== WHAT YOU ARE ASKED TO DO ==
In the records below, print each line exactly and leave every image out.
━━ RECORDED INFORMATION
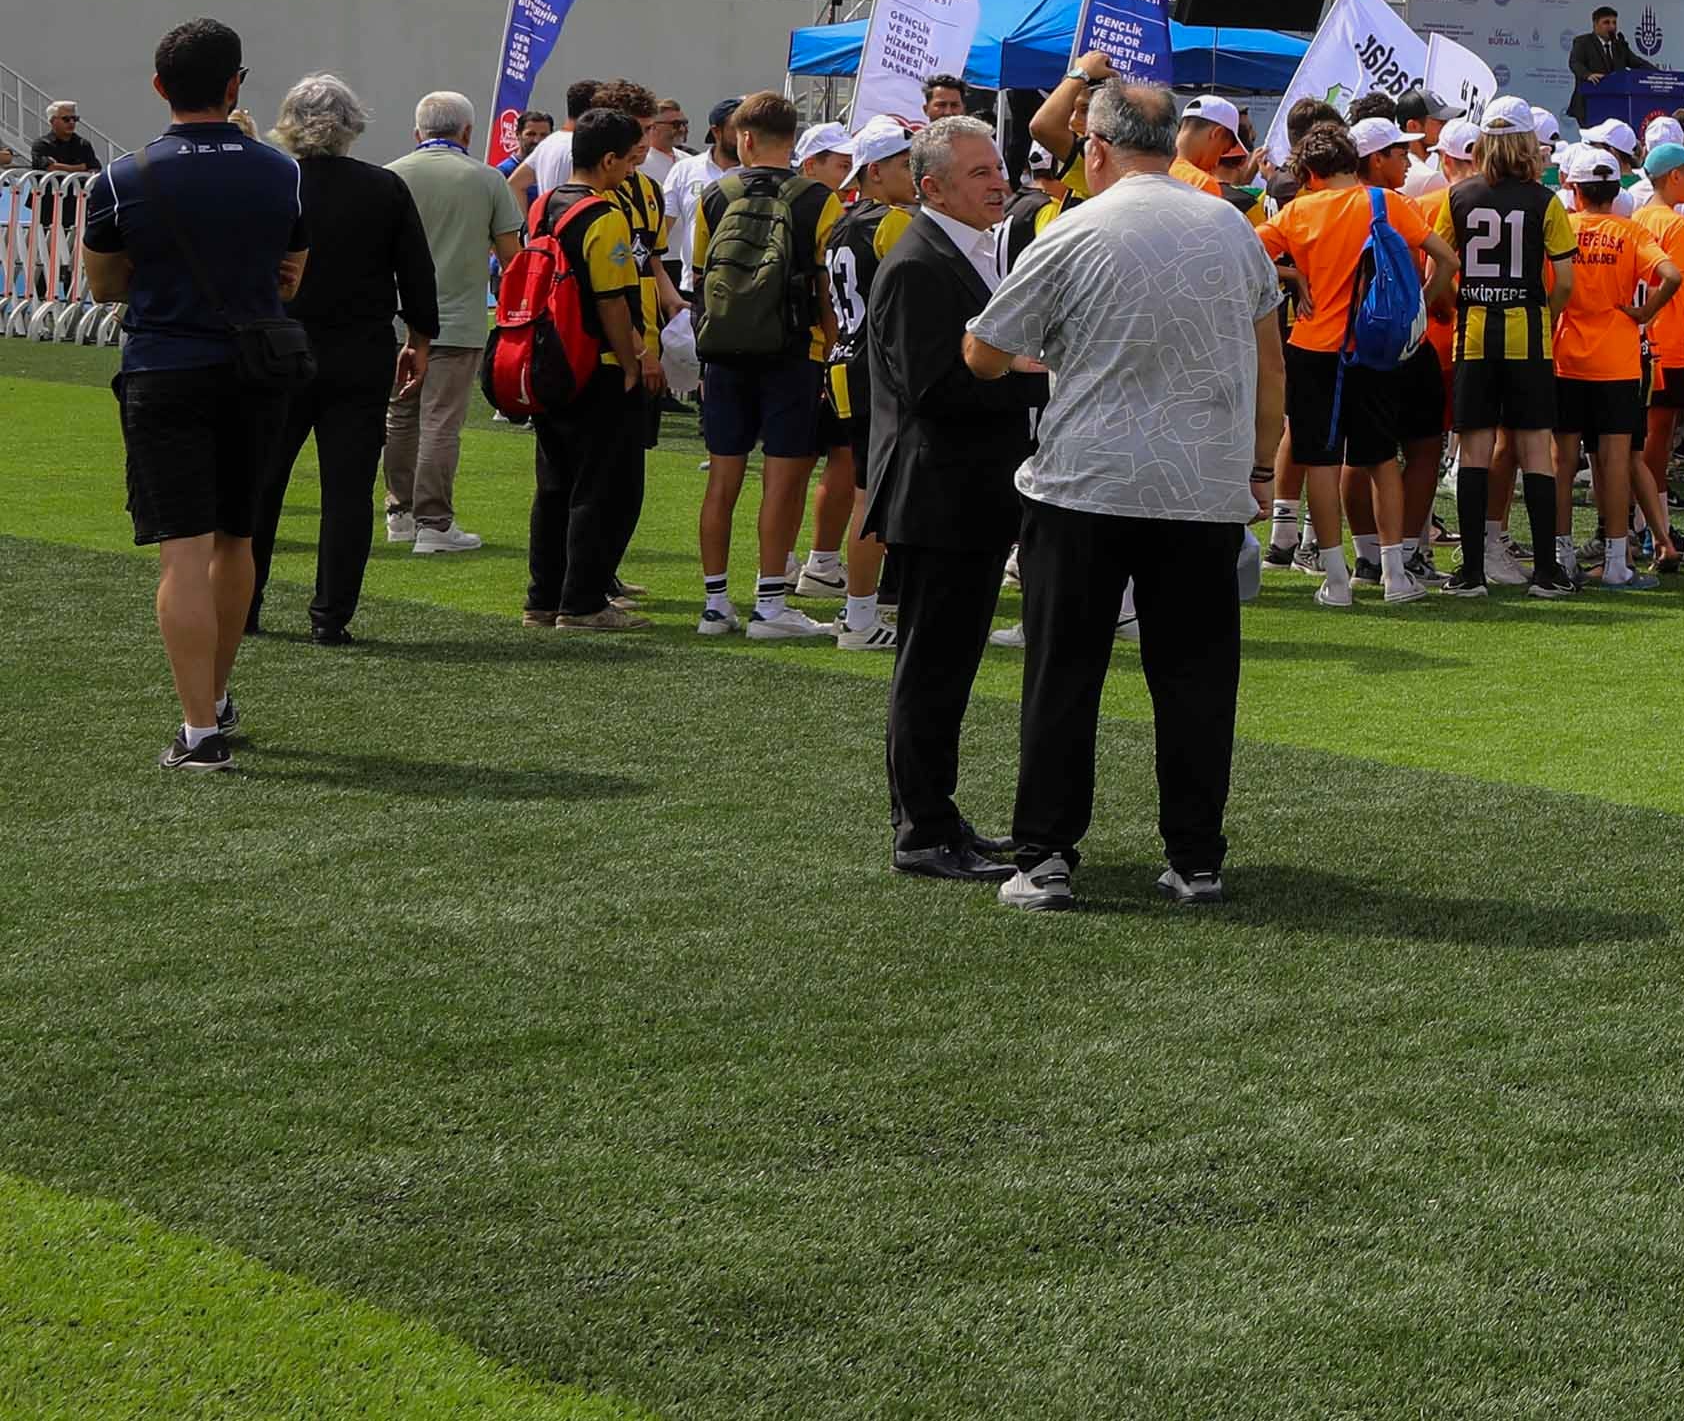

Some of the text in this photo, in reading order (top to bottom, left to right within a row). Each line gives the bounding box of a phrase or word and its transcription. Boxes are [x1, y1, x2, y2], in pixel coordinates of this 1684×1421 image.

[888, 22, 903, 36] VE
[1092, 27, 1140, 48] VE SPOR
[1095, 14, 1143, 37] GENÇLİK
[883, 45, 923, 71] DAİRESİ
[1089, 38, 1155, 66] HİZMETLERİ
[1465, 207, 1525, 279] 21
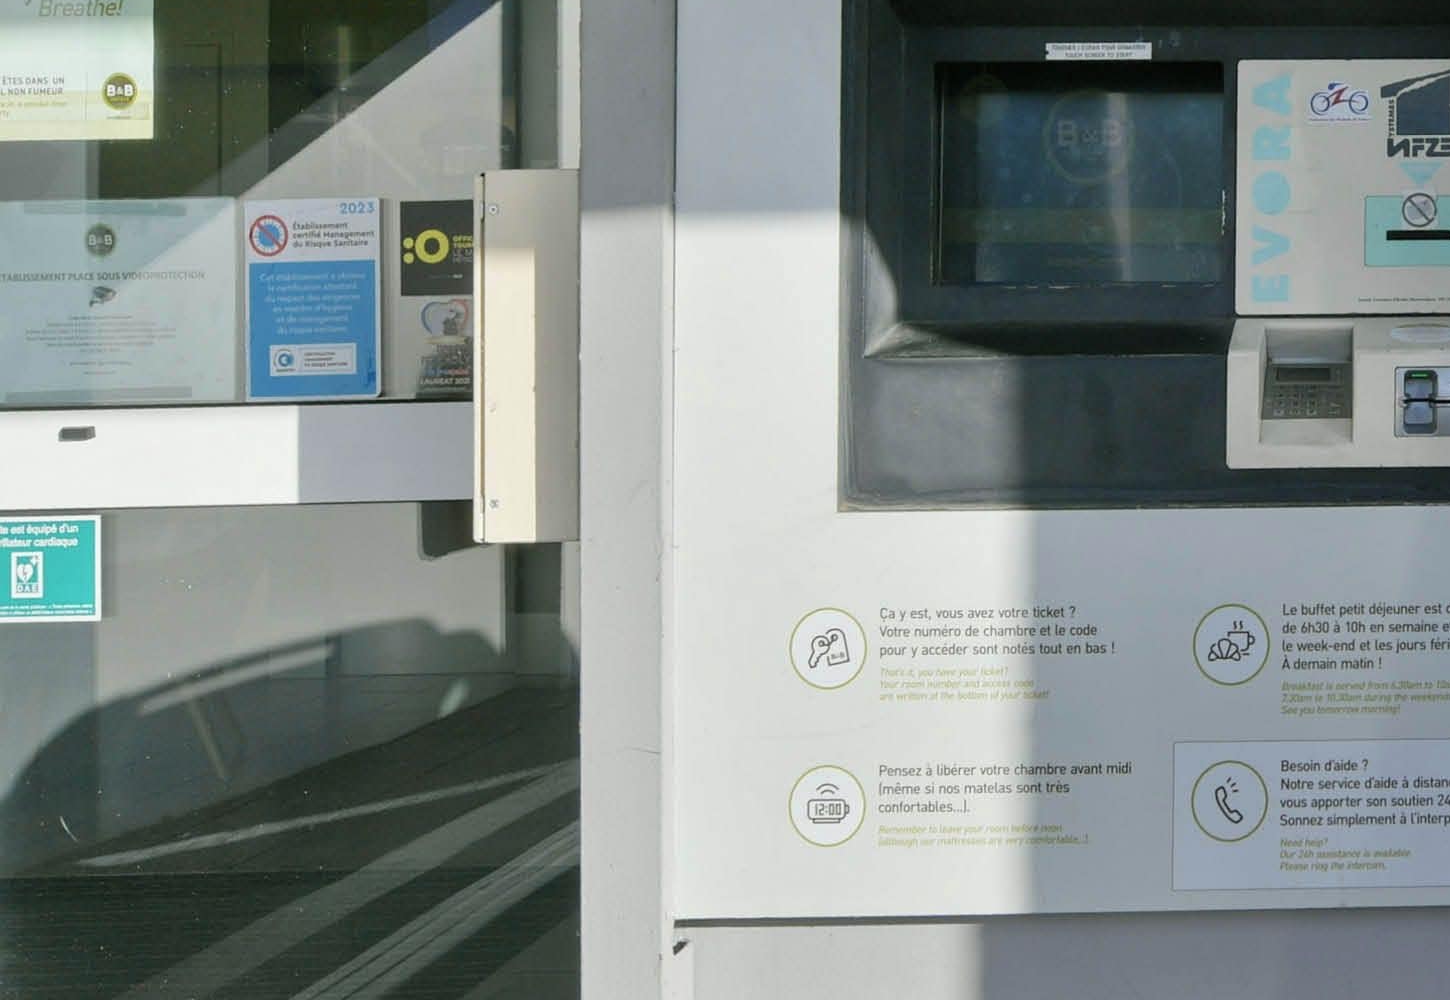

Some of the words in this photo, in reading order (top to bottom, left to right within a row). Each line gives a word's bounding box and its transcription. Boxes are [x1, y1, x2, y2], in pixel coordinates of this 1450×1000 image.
━━━━
== EXERCISE SOLUTION ==
Some of the text in this photo, in reading order (top to bottom, left to right within a row). Each line gives the bounding box of a phrase or word and its transcription. Boxes are [x1, y1, x2, y2], in pixel coordinates of this 1684×1421 image.

[888, 22, 903, 36] VE
[1092, 27, 1140, 48] VE SPOR
[1095, 14, 1143, 37] GENÇLİK
[883, 45, 923, 71] DAİRESİ
[1089, 38, 1155, 66] HİZMETLERİ
[1465, 207, 1525, 279] 21

Some of the words in this photo, in reading order (top to bottom, left to right within a row). Each line gives a word's bounding box and its transcription. Boxes are [x1, y1, x2, y2], in pixel coordinates of this 1450×1000 image.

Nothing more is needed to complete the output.